Bread? Cheese? Tandoor style oven? Brick Oven Bread is a small bakery in the heart of Brighton Beach that servers up traditional bread and baked goods of Georgia (the country in Western Asia, not the state), and the star of the show is Khachapuri; a flat, soft, round leavened bread filled with a piping hot layer of a traditional Georgian cheese called Sulguni. It simply oozes flavor, and like a lot of bread, it truly shines when it’s fresh out of the oven. Different regions of Georgia make different styles of this same bread. At Brick Oven Bread, they have the popular round version (Imeretian/Imeruli), as well as a flaky, almost pastry like version. Unless you speak Georgian, you’ll be trading fragmented sentences of broken English, which is very normal in Brighton Beach, although the native tongue is usually Russian in this neck of the woods. Just keep smiling, say thank you, and be grateful that you live in a city that can showcase the best of so many diverse cultures.

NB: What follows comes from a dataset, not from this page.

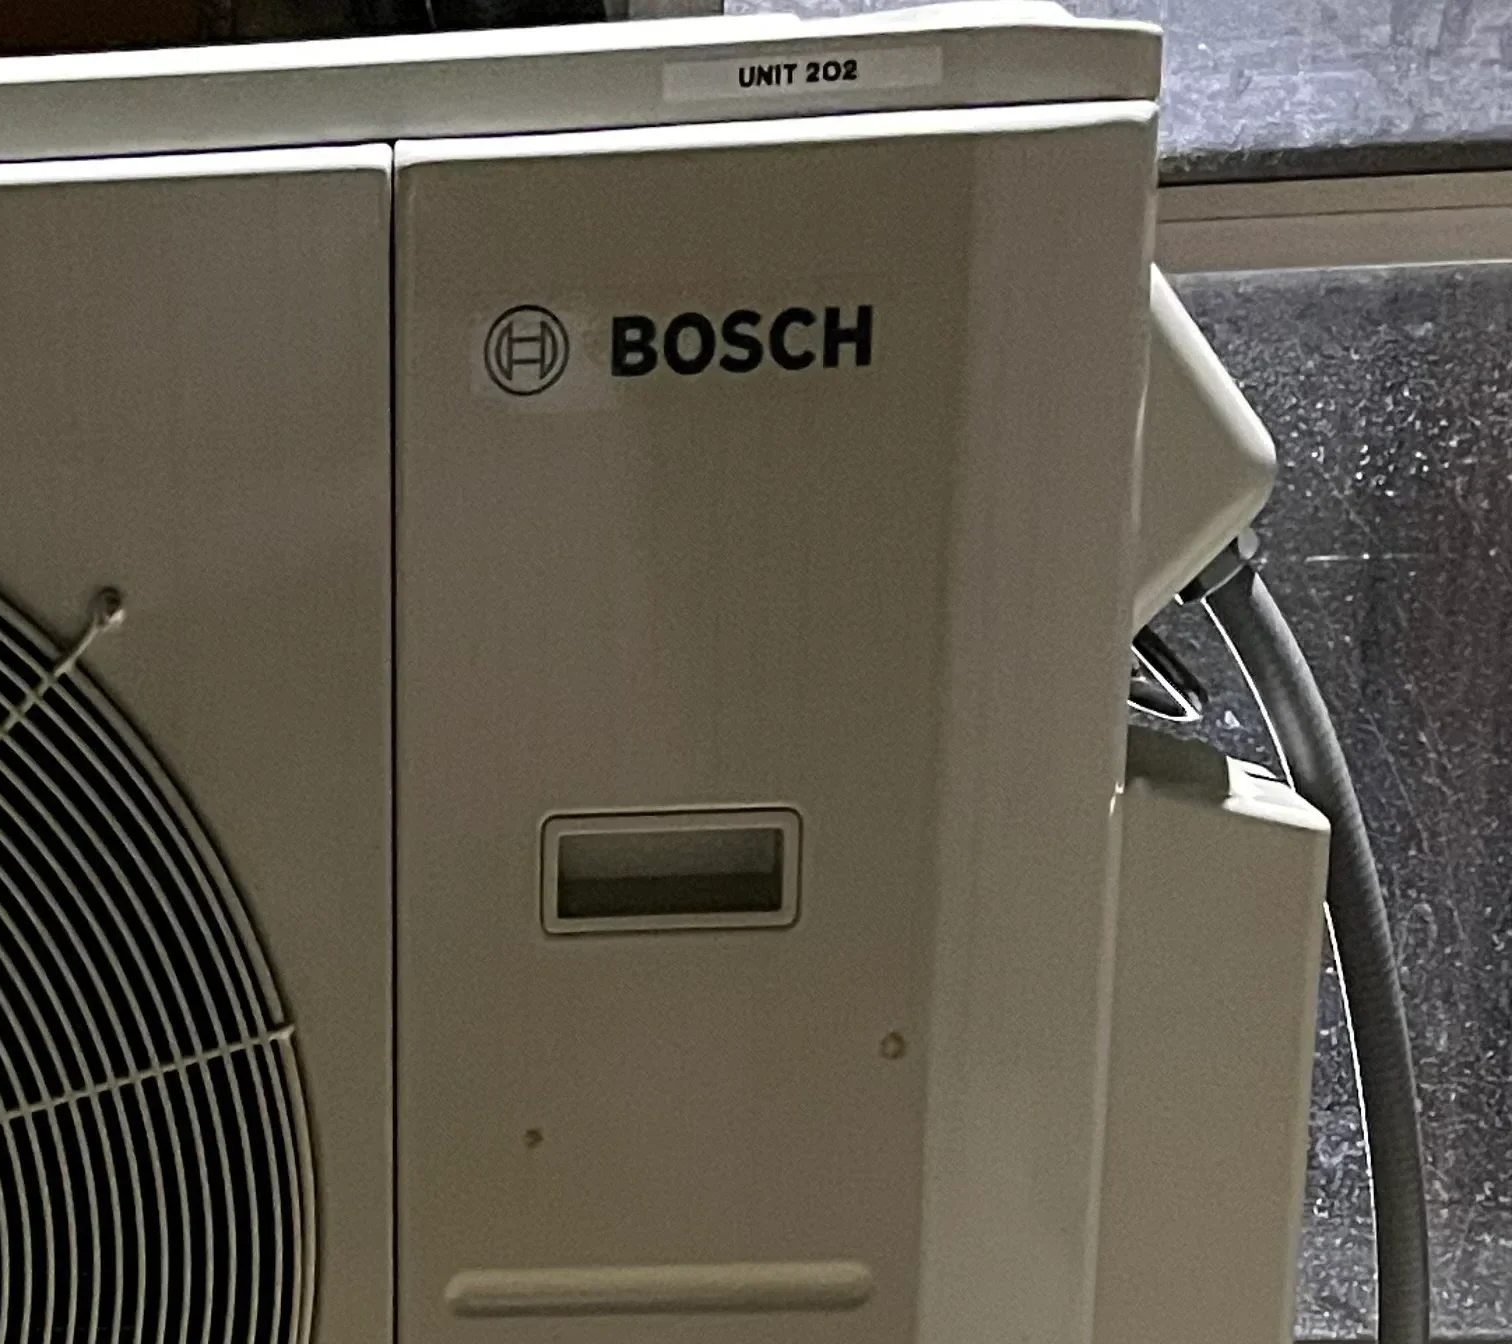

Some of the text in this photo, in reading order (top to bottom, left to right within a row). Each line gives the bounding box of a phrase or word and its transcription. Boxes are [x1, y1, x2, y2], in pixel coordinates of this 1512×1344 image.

[738, 59, 858, 87] UNIT 202
[611, 304, 872, 376] BOSCH
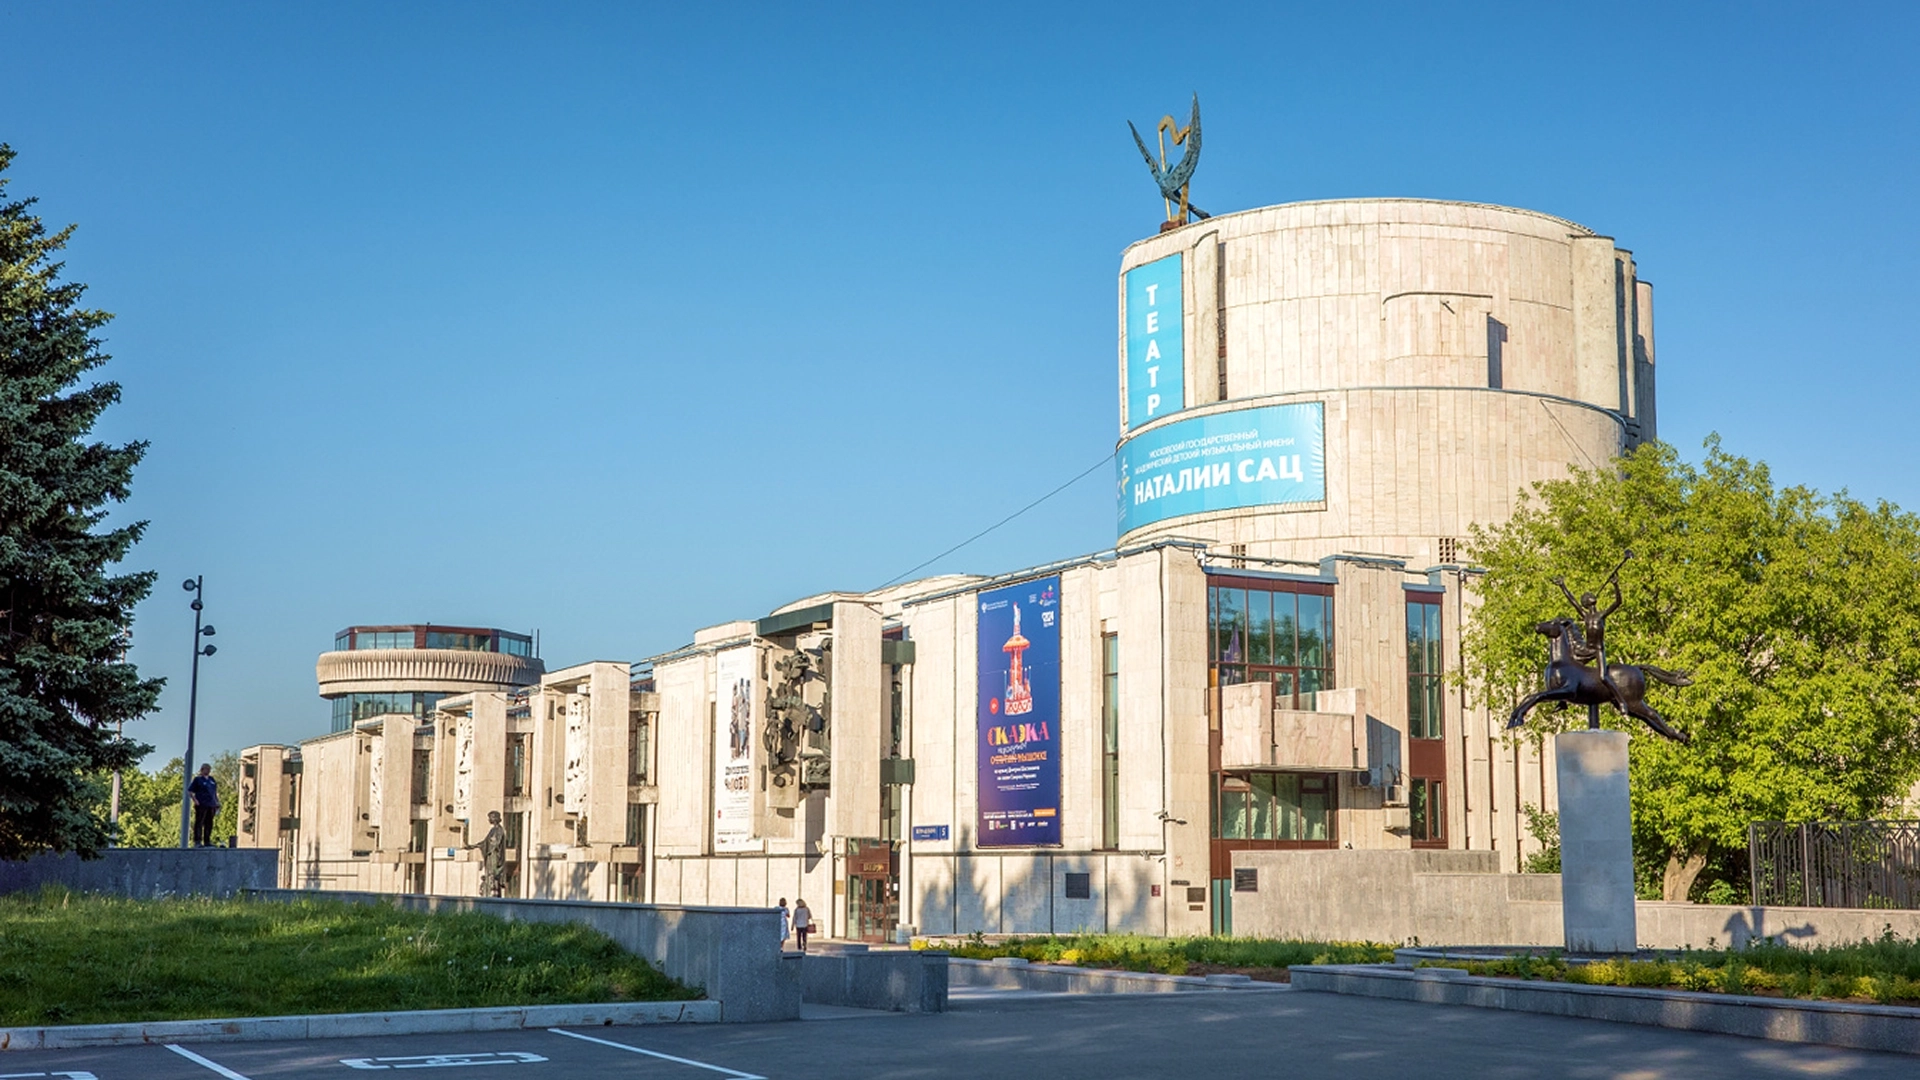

Quick History: According to folklore legend, Khachapuri was first made by a Georgian Housewife that had nothing to offer a visiting king, so she stuffed various local cheeses into a traditional “puri” bread and baked it in a traditional Georgian clay oven called a Tone. There are several versions of Khachapuri, representing different regions of the country. Imeruli seems to be the most popular, and Khachapuri is widely considered the national food of Georgia, found easily from street vendors to restaurants across the country in it’s various forms.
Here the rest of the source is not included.